Março de 2020. A Organização Mundial da Saúde (OMS) declara pandemia do coronavírus. Quarentenas são decretadas em Estados pelo Brasil. Era nesse cenário novo e de muita apreensão que Yohan Ricci Zonta, hoje com 24 anos, iniciava sua jornada como residente do programa de Residência Multiprofissional em Saúde – Síndromes e Anomalias Craniofaciais do Hospital de Reabilitação de Anomalias Craniofaciais (HRAC/Centrinho) da Universidade de São Paulo (USP) em Bauru.

Biomédico e mestre em Ciências pela Universidade Estadual Paulista (Unesp) de Botucatu, o jovem retornava à cidade natal para atuar dentro do Hospital da USP, nas áreas de Análises Clínicas, Genética e Fisiologia Humana. “Sempre me interessei por aconselhamento genético e sabia que o HRAC é referência na América Latina”, conta.

O momento desafiador, entretanto, propiciou que Yohan trilhasse outro caminho. Em abril de 2020, sob a liderança do professor Carlos Ferreira dos Santos, superintendente do HRAC-USP e diretor da Faculdade de Odontologia de Bauru (FOB-USP), o Laboratório de Farmacologia da FOB-USP – coordenado por ele – era habilitado pelo Instituto Adolfo Lutz para realizar a testagem molecular para covid-19 por meio de RT-PCR. Com a alta demanda pelos exames, ao longo dos meses o Laboratório precisou agregar estrutura e equipe.

“Fui convidado pelo professor Carlos para ajudar no diagnóstico da doença via RT-PCR na rede pública de Bauru e região. Aceitei a proposta prontamente e posso dizer que foi muito engrandecedor, tanto profissionalmente, uma vez que as técnicas aprendidas no Laboratório de Farmacologia da FOB-USP serão de grande importância para o meu futuro na pesquisa, quanto pessoalmente, já que poder ajudar a população é um dos motivos de ter me tornado biomédico e, principalmente, pesquisador”, relata.

Rumo ao Canadá
Após um ano de intenso aprendizado e importante contribuição para o enfrentamento da covid-19, um novo horizonte se abre para a formação e especialização profissional do jovem. Yohan acaba de ser aprovado no programa de Doutorado em Neurociências da Universidade de Calgary, no Canadá. “Já havia realizado estágio nessa universidade durante meu mestrado, e me apaixonei pela instituição. Fiquei interessado pela linha de pesquisa do laboratório da professora Shalina Ousman, e então dei início ao processo de admissão no programa”, comenta.

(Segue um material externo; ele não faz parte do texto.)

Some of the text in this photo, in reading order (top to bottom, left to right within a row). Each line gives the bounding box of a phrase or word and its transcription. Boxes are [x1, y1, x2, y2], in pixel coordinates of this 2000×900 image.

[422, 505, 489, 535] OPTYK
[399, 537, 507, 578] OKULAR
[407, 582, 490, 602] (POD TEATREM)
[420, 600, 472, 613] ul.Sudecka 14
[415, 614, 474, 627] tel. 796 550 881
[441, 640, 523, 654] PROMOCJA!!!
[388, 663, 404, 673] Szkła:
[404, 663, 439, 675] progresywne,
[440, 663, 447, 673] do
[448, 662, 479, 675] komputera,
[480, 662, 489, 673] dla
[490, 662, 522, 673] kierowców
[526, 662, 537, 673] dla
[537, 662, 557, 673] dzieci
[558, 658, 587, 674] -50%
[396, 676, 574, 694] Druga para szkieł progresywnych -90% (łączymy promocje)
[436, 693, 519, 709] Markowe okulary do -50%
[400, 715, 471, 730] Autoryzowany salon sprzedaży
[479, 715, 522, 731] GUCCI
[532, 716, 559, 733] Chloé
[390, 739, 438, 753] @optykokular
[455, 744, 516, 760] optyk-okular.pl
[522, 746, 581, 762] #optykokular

O estudo que Yohan realizará durante o doutorado busca entender como os astrócitos (células do sistema nervoso) podem estar danificando as células nervosas e causando o surgimento dos sintomas da esclerose múltipla e seu agravamento. “Uma protease chamada Cistatina C pode estar causando esse comportamento [proteases são enzimas que agem sobre as proteínas e atuam em diversos processos fisiológicos e celulares]. Entender esse mecanismo pode nos levar a compreender o processo do surgimento da doença, o que é de extrema importância para que tratamentos possam ser desenvolvidos e melhorados, já que muitos deles são direcionados para proteínas, enzimas ou células causadoras da doença”, explica Yohan.

“Meu objetivo durante o doutorado é compreender essas causas para poder ajudar diversos pacientes no mundo que são diagnosticados com esclerose múltipla e outras doenças degenerativas neurológicas todos os anos. Os conhecimentos adquiridos na USP irão me ajudar muito no desenvolvimento desse projeto, uma vez que as técnicas moleculares que aprendi durante a residência serão utilizadas na minha pesquisa, além de desenvolver cada vez mais minha paixão pela área científica”, ressalta.

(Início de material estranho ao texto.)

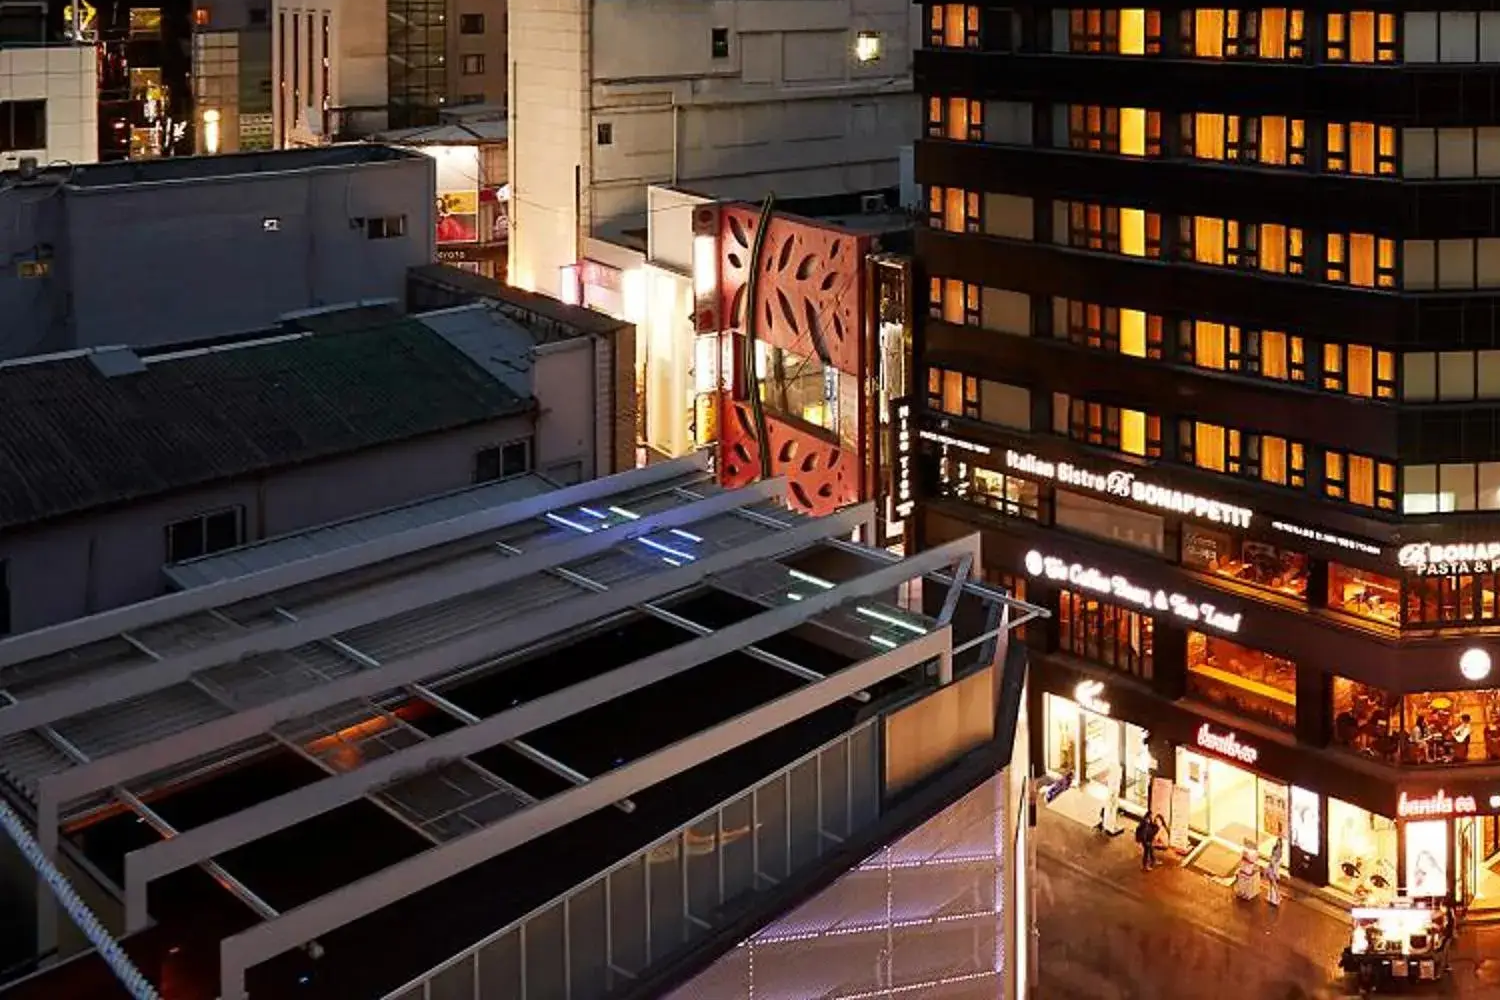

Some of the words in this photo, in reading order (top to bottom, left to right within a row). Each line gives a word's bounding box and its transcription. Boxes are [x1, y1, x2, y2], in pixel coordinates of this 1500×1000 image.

[1006, 450, 1054, 478] Italian
[1057, 462, 1106, 491] Bistro
[1131, 481, 1253, 528] BONAPPETIT
[1417, 563, 1469, 575] PASTA
[1475, 561, 1487, 573] &

O doutorado de Yohan terá início em agosto de 2021 e duração de seis anos, em período integral e com bolsa de estudos. O laboratório onde atuará fica dentro do Hospital de Foothills. “Tenho uma gratidão e um carinho especial pelo professor Carlos. Ele foi meu supervisor na área de diagnóstico de covid-19 na USP e me ajudou muito no processo de admissão no programa de doutorado, fornecendo uma carta de recomendação e auxiliando durante todo o processo. Gostaria de agradecê-lo pela ajuda e oportunidade dadas”, frisa.

“Após a conclusão do doutorado, pretendo ingressar em um pós-doutorado, provavelmente no mesmo laboratório ou em um laboratório parceiro, principalmente envolvendo a prática que mais me interessa, que é o uso de microscopia”, finaliza Yohan.

 

(Imagem de capa: Prof. Carlos F. Santos e Yohan Zonta na Superintendência do HRAC-USP. Foto: Tiago Rodella, HRAC-USP)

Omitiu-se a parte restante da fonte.